Rooftop pool spills everywhere as devastating earthquake hits the Philippines
Water from a rooftop pool was filmed crashing 600 feet down a Manila skyscraper on Monday after a powerful earthquake struck the Philippines, killing at least 11 people.
The dramatic footage saw water from an 82-foot-long lap pool, as well as a children's pool, pour down the side of the Anchor Skysuites in the 6.1-magnitude earthquake.
Shared online by The Manila Bulletin and credited to Michael Rivo, the video shocked people online, with many turning to social media to share it.
The Philippines Institute of Volcanology and Seismology reported that the magnitude 6.1 tremor hit the main Philippines island of Luzon at 17:11 local time on Monday, leaving 11 people dead and 30 still feared trapped in the rubble. An airport was also seriously damaged and at least two buildings destroyed.

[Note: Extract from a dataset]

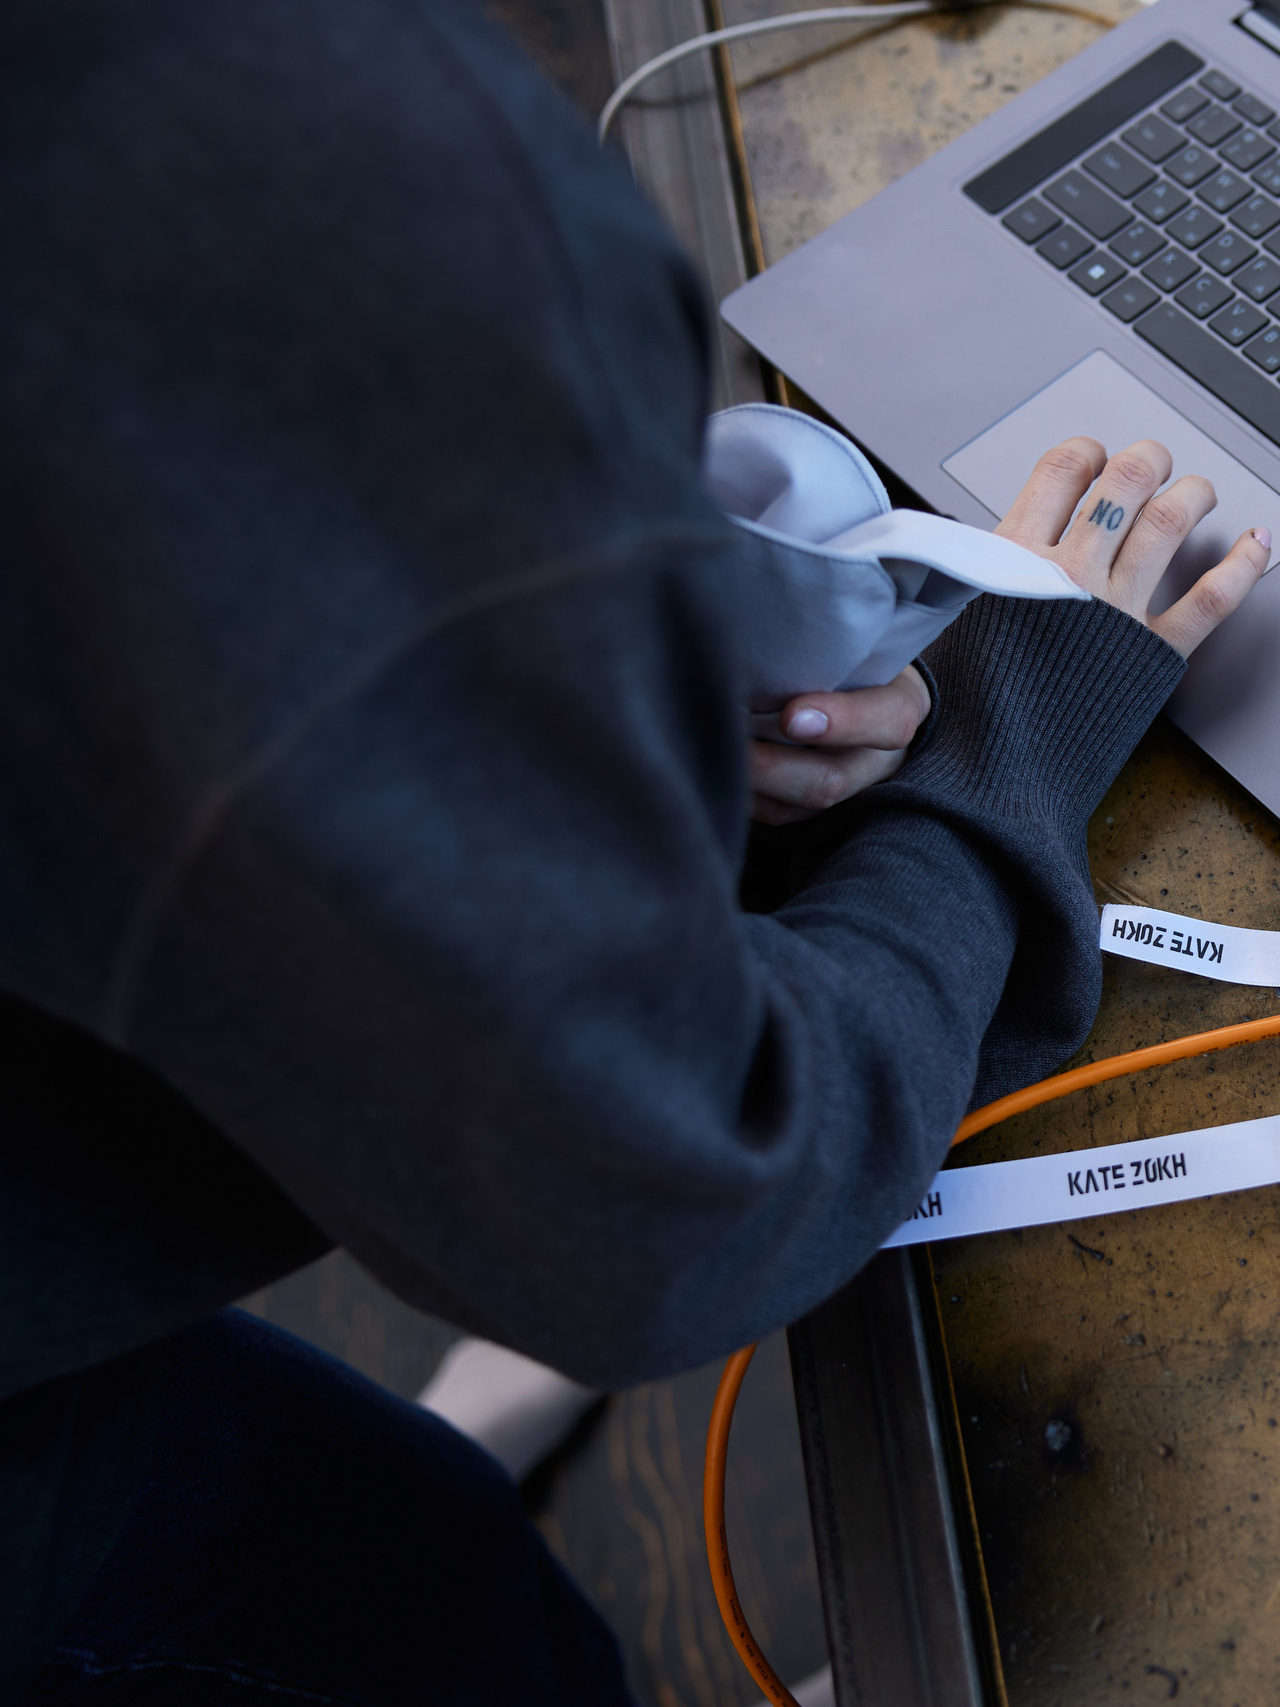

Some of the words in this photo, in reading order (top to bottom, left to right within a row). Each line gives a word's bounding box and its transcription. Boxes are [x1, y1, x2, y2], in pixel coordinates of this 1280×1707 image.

Less than 24 hours later on Tuesday, a second powerful earthquake measuring 6.4 on the Richter scale struck the Southeast Asia country further south, in the central Visayas region. It is not clear if there are any casualties. The BBC reports that the worst hit areas include Tacloban City, Leyte, and Catbalogan City in Samar.
After the initial earthquake, authorities claimed dozens of people could still be trapped underneath a collapsed building in the province of Pampanga, north-west of the capital Manila.
Governor Lilia Pineda told Reuters news agency that 20 people had been injured there, saying: "They can be heard crying in pain. It won't be easy to rescue them."
Pineda also spoke to ABS-CBN television, and claimed that three bodies had been pulled out of a shop, while a woman and her grandchild were found dead in the town of Lubao.
People caught in the quakes have taken to social media to post photos of the damage caused, including cracked walls and swinging light fixtures.
The Philippines is part of the 'Ring of Fire,' a major area in the basin of the Pacific Ocean where many earthquakes and volcanic eruptions occur.
The zone of major seismic activity has one of the world's most active fault lines, and is associated with a nearly continuous series of oceanic trenches, volcanic arcs, volcanic belts and plate movements.